● **Dataset content**:
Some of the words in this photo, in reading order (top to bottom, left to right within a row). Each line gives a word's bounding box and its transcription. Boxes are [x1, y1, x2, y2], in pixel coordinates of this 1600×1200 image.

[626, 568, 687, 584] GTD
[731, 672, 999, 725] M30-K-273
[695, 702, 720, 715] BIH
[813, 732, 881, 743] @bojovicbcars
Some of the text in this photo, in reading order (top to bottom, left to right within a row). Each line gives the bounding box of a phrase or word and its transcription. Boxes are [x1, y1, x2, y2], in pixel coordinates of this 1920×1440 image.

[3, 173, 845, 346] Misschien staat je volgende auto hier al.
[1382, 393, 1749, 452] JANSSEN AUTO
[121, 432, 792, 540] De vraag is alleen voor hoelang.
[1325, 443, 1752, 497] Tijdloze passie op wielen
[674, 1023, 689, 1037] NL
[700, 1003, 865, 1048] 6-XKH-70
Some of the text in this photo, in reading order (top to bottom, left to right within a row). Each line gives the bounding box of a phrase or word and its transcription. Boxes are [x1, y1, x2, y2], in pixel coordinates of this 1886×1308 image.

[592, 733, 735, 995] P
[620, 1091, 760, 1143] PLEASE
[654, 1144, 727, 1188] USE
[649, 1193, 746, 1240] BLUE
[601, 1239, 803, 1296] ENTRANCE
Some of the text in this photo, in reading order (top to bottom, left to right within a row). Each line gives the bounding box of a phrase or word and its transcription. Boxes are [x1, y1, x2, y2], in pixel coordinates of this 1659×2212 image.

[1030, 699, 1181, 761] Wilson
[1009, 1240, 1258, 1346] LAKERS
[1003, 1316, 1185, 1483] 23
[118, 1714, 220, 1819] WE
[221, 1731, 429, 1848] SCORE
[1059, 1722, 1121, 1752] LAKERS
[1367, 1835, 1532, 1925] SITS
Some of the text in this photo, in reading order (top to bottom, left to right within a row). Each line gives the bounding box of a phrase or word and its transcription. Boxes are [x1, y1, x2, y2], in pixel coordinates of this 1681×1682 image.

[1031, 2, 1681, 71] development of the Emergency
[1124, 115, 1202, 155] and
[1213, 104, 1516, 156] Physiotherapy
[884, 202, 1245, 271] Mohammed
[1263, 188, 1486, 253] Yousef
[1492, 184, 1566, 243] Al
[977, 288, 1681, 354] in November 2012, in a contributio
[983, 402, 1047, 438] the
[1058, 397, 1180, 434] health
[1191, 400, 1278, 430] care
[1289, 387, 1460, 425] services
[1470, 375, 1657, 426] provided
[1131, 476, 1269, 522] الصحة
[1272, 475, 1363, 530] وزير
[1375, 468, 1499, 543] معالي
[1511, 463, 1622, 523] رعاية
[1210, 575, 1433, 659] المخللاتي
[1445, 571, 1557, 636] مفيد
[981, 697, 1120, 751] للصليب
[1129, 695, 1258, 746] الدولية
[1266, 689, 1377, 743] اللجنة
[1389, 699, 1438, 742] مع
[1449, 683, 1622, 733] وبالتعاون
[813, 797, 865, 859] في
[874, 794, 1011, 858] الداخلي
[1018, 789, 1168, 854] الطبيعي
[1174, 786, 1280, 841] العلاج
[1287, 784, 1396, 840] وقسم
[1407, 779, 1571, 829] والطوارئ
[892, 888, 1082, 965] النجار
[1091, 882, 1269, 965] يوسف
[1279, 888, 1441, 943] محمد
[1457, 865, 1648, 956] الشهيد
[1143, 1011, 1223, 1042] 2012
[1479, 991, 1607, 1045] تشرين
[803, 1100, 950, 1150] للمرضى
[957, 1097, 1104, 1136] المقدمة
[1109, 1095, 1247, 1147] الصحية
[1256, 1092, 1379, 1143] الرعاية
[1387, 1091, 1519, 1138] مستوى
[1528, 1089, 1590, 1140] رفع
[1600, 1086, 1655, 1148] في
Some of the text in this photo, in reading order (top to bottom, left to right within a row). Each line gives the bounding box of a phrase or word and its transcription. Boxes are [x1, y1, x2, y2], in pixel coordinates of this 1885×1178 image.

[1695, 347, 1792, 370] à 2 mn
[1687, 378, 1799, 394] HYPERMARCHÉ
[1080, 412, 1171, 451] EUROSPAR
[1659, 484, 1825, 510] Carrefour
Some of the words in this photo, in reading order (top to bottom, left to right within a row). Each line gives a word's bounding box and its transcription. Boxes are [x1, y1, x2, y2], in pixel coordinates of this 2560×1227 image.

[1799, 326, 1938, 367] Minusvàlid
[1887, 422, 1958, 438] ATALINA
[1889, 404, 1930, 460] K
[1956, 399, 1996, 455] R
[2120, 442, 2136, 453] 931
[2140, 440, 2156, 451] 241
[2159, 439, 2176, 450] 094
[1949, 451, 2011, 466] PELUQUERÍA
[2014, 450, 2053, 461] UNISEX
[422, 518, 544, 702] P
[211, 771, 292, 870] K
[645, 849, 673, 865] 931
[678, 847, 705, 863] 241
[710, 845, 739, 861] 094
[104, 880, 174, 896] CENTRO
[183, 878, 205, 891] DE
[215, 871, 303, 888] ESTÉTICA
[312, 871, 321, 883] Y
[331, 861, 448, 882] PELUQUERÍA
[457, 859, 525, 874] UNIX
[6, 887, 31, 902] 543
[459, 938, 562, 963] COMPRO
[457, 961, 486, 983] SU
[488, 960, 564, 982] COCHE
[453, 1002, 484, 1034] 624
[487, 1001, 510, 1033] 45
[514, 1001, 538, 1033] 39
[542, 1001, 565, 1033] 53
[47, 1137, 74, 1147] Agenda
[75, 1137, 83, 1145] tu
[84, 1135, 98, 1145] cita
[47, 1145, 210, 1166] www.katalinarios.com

● **Task to complete**: Could you repeat the listing above, exactly as it is shown?

● **Your solution**:
Some of the words in this photo, in reading order (top to bottom, left to right within a row). Each line gives a word's bounding box and its transcription. Boxes are [x1, y1, x2, y2], in pixel coordinates of this 1600×1200 image.

[626, 568, 687, 584] GTD
[731, 672, 999, 725] M30-K-273
[695, 702, 720, 715] BIH
[813, 732, 881, 743] @bojovicbcars
Some of the text in this photo, in reading order (top to bottom, left to right within a row). Each line gives the bounding box of a phrase or word and its transcription. Boxes are [x1, y1, x2, y2], in pixel coordinates of this 1920×1440 image.

[3, 173, 845, 346] Misschien staat je volgende auto hier al.
[1382, 393, 1749, 452] JANSSEN AUTO
[121, 432, 792, 540] De vraag is alleen voor hoelang.
[1325, 443, 1752, 497] Tijdloze passie op wielen
[674, 1023, 689, 1037] NL
[700, 1003, 865, 1048] 6-XKH-70
Some of the text in this photo, in reading order (top to bottom, left to right within a row). Each line gives the bounding box of a phrase or word and its transcription. Boxes are [x1, y1, x2, y2], in pixel coordinates of this 1886×1308 image.

[592, 733, 735, 995] P
[620, 1091, 760, 1143] PLEASE
[654, 1144, 727, 1188] USE
[649, 1193, 746, 1240] BLUE
[601, 1239, 803, 1296] ENTRANCE
Some of the text in this photo, in reading order (top to bottom, left to right within a row). Each line gives the bounding box of a phrase or word and its transcription. Boxes are [x1, y1, x2, y2], in pixel coordinates of this 1659×2212 image.

[1030, 699, 1181, 761] Wilson
[1009, 1240, 1258, 1346] LAKERS
[1003, 1316, 1185, 1483] 23
[118, 1714, 220, 1819] WE
[221, 1731, 429, 1848] SCORE
[1059, 1722, 1121, 1752] LAKERS
[1367, 1835, 1532, 1925] SITS
Some of the text in this photo, in reading order (top to bottom, left to right within a row). Each line gives the bounding box of a phrase or word and its transcription. Boxes are [x1, y1, x2, y2], in pixel coordinates of this 1681×1682 image.

[1031, 2, 1681, 71] development of the Emergency
[1124, 115, 1202, 155] and
[1213, 104, 1516, 156] Physiotherapy
[884, 202, 1245, 271] Mohammed
[1263, 188, 1486, 253] Yousef
[1492, 184, 1566, 243] Al
[977, 288, 1681, 354] in November 2012, in a contributio
[983, 402, 1047, 438] the
[1058, 397, 1180, 434] health
[1191, 400, 1278, 430] care
[1289, 387, 1460, 425] services
[1470, 375, 1657, 426] provided
[1131, 476, 1269, 522] الصحة
[1272, 475, 1363, 530] وزير
[1375, 468, 1499, 543] معالي
[1511, 463, 1622, 523] رعاية
[1210, 575, 1433, 659] المخللاتي
[1445, 571, 1557, 636] مفيد
[981, 697, 1120, 751] للصليب
[1129, 695, 1258, 746] الدولية
[1266, 689, 1377, 743] اللجنة
[1389, 699, 1438, 742] مع
[1449, 683, 1622, 733] وبالتعاون
[813, 797, 865, 859] في
[874, 794, 1011, 858] الداخلي
[1018, 789, 1168, 854] الطبيعي
[1174, 786, 1280, 841] العلاج
[1287, 784, 1396, 840] وقسم
[1407, 779, 1571, 829] والطوارئ
[892, 888, 1082, 965] النجار
[1091, 882, 1269, 965] يوسف
[1279, 888, 1441, 943] محمد
[1457, 865, 1648, 956] الشهيد
[1143, 1011, 1223, 1042] 2012
[1479, 991, 1607, 1045] تشرين
[803, 1100, 950, 1150] للمرضى
[957, 1097, 1104, 1136] المقدمة
[1109, 1095, 1247, 1147] الصحية
[1256, 1092, 1379, 1143] الرعاية
[1387, 1091, 1519, 1138] مستوى
[1528, 1089, 1590, 1140] رفع
[1600, 1086, 1655, 1148] في
Some of the text in this photo, in reading order (top to bottom, left to right within a row). Each line gives the bounding box of a phrase or word and its transcription. Boxes are [x1, y1, x2, y2], in pixel coordinates of this 1885×1178 image.

[1695, 347, 1792, 370] à 2 mn
[1687, 378, 1799, 394] HYPERMARCHÉ
[1080, 412, 1171, 451] EUROSPAR
[1659, 484, 1825, 510] Carrefour
Some of the words in this photo, in reading order (top to bottom, left to right within a row). Each line gives a word's bounding box and its transcription. Boxes are [x1, y1, x2, y2], in pixel coordinates of this 2560×1227 image.

[1799, 326, 1938, 367] Minusvàlid
[1887, 422, 1958, 438] ATALINA
[1889, 404, 1930, 460] K
[1956, 399, 1996, 455] R
[2120, 442, 2136, 453] 931
[2140, 440, 2156, 451] 241
[2159, 439, 2176, 450] 094
[1949, 451, 2011, 466] PELUQUERÍA
[2014, 450, 2053, 461] UNISEX
[422, 518, 544, 702] P
[211, 771, 292, 870] K
[645, 849, 673, 865] 931
[678, 847, 705, 863] 241
[710, 845, 739, 861] 094
[104, 880, 174, 896] CENTRO
[183, 878, 205, 891] DE
[215, 871, 303, 888] ESTÉTICA
[312, 871, 321, 883] Y
[331, 861, 448, 882] PELUQUERÍA
[457, 859, 525, 874] UNIX
[6, 887, 31, 902] 543
[459, 938, 562, 963] COMPRO
[457, 961, 486, 983] SU
[488, 960, 564, 982] COCHE
[453, 1002, 484, 1034] 624
[487, 1001, 510, 1033] 45
[514, 1001, 538, 1033] 39
[542, 1001, 565, 1033] 53
[47, 1137, 74, 1147] Agenda
[75, 1137, 83, 1145] tu
[84, 1135, 98, 1145] cita
[47, 1145, 210, 1166] www.katalinarios.com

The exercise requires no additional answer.